_DATA SUPPLIED_.
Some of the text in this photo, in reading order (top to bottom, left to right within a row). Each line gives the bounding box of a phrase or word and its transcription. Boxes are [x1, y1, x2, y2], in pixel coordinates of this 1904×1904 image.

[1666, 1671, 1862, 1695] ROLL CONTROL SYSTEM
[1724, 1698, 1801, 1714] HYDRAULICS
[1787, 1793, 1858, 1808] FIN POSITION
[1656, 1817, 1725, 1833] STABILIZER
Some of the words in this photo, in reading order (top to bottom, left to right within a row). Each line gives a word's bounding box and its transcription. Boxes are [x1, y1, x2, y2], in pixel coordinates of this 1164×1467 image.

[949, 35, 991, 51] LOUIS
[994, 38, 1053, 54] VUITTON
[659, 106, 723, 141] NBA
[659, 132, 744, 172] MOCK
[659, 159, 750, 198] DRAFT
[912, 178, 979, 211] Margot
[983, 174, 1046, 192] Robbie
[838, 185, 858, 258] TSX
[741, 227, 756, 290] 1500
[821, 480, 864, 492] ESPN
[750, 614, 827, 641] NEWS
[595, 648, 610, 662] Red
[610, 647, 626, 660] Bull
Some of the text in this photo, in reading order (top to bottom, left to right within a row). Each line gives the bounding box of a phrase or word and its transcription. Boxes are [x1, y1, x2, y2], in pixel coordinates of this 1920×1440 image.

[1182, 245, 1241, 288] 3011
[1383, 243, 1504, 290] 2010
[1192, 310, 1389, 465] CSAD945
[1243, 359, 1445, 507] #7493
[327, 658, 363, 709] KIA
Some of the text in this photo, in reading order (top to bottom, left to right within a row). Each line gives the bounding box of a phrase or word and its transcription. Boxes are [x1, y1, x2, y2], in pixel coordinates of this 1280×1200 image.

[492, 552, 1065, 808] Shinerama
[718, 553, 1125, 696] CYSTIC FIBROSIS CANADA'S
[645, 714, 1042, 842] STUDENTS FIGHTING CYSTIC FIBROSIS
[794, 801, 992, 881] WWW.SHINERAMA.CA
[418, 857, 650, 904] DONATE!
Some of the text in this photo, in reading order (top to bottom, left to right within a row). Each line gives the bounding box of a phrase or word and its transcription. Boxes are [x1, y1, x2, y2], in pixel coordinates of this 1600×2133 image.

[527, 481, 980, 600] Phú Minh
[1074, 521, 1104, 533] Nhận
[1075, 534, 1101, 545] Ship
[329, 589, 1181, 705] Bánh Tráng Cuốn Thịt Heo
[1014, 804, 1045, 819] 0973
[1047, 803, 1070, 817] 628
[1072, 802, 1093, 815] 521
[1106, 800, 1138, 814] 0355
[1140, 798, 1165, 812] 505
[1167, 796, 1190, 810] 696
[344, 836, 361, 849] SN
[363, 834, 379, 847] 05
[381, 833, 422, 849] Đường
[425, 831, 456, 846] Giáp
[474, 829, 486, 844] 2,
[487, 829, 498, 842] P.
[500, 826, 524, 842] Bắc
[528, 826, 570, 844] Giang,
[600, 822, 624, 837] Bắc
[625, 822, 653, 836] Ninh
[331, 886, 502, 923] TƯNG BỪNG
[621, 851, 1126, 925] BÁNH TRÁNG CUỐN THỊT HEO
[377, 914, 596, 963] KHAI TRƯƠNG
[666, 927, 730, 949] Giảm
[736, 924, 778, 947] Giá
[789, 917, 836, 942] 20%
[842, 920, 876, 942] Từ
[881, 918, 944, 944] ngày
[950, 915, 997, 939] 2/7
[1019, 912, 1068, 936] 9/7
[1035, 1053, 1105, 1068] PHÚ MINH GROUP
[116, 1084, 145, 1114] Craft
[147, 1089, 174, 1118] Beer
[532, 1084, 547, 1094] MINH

_TASK GOAL_.
Return each entry exactly. Leave none out.

_WRITTEN ANSWER_.
Some of the text in this photo, in reading order (top to bottom, left to right within a row). Each line gives the bounding box of a phrase or word and its transcription. Boxes are [x1, y1, x2, y2], in pixel coordinates of this 1904×1904 image.

[1666, 1671, 1862, 1695] ROLL CONTROL SYSTEM
[1724, 1698, 1801, 1714] HYDRAULICS
[1787, 1793, 1858, 1808] FIN POSITION
[1656, 1817, 1725, 1833] STABILIZER
Some of the words in this photo, in reading order (top to bottom, left to right within a row). Each line gives a word's bounding box and its transcription. Boxes are [x1, y1, x2, y2], in pixel coordinates of this 1164×1467 image.

[949, 35, 991, 51] LOUIS
[994, 38, 1053, 54] VUITTON
[659, 106, 723, 141] NBA
[659, 132, 744, 172] MOCK
[659, 159, 750, 198] DRAFT
[912, 178, 979, 211] Margot
[983, 174, 1046, 192] Robbie
[838, 185, 858, 258] TSX
[741, 227, 756, 290] 1500
[821, 480, 864, 492] ESPN
[750, 614, 827, 641] NEWS
[595, 648, 610, 662] Red
[610, 647, 626, 660] Bull
Some of the text in this photo, in reading order (top to bottom, left to right within a row). Each line gives the bounding box of a phrase or word and its transcription. Boxes are [x1, y1, x2, y2], in pixel coordinates of this 1920×1440 image.

[1182, 245, 1241, 288] 3011
[1383, 243, 1504, 290] 2010
[1192, 310, 1389, 465] CSAD945
[1243, 359, 1445, 507] #7493
[327, 658, 363, 709] KIA
Some of the text in this photo, in reading order (top to bottom, left to right within a row). Each line gives the bounding box of a phrase or word and its transcription. Boxes are [x1, y1, x2, y2], in pixel coordinates of this 1280×1200 image.

[492, 552, 1065, 808] Shinerama
[718, 553, 1125, 696] CYSTIC FIBROSIS CANADA'S
[645, 714, 1042, 842] STUDENTS FIGHTING CYSTIC FIBROSIS
[794, 801, 992, 881] WWW.SHINERAMA.CA
[418, 857, 650, 904] DONATE!
Some of the text in this photo, in reading order (top to bottom, left to right within a row). Each line gives the bounding box of a phrase or word and its transcription. Boxes are [x1, y1, x2, y2], in pixel coordinates of this 1600×2133 image.

[527, 481, 980, 600] Phú Minh
[1074, 521, 1104, 533] Nhận
[1075, 534, 1101, 545] Ship
[329, 589, 1181, 705] Bánh Tráng Cuốn Thịt Heo
[1014, 804, 1045, 819] 0973
[1047, 803, 1070, 817] 628
[1072, 802, 1093, 815] 521
[1106, 800, 1138, 814] 0355
[1140, 798, 1165, 812] 505
[1167, 796, 1190, 810] 696
[344, 836, 361, 849] SN
[363, 834, 379, 847] 05
[381, 833, 422, 849] Đường
[425, 831, 456, 846] Giáp
[474, 829, 486, 844] 2,
[487, 829, 498, 842] P.
[500, 826, 524, 842] Bắc
[528, 826, 570, 844] Giang,
[600, 822, 624, 837] Bắc
[625, 822, 653, 836] Ninh
[331, 886, 502, 923] TƯNG BỪNG
[621, 851, 1126, 925] BÁNH TRÁNG CUỐN THỊT HEO
[377, 914, 596, 963] KHAI TRƯƠNG
[666, 927, 730, 949] Giảm
[736, 924, 778, 947] Giá
[789, 917, 836, 942] 20%
[842, 920, 876, 942] Từ
[881, 918, 944, 944] ngày
[950, 915, 997, 939] 2/7
[1019, 912, 1068, 936] 9/7
[1035, 1053, 1105, 1068] PHÚ MINH GROUP
[116, 1084, 145, 1114] Craft
[147, 1089, 174, 1118] Beer
[532, 1084, 547, 1094] MINH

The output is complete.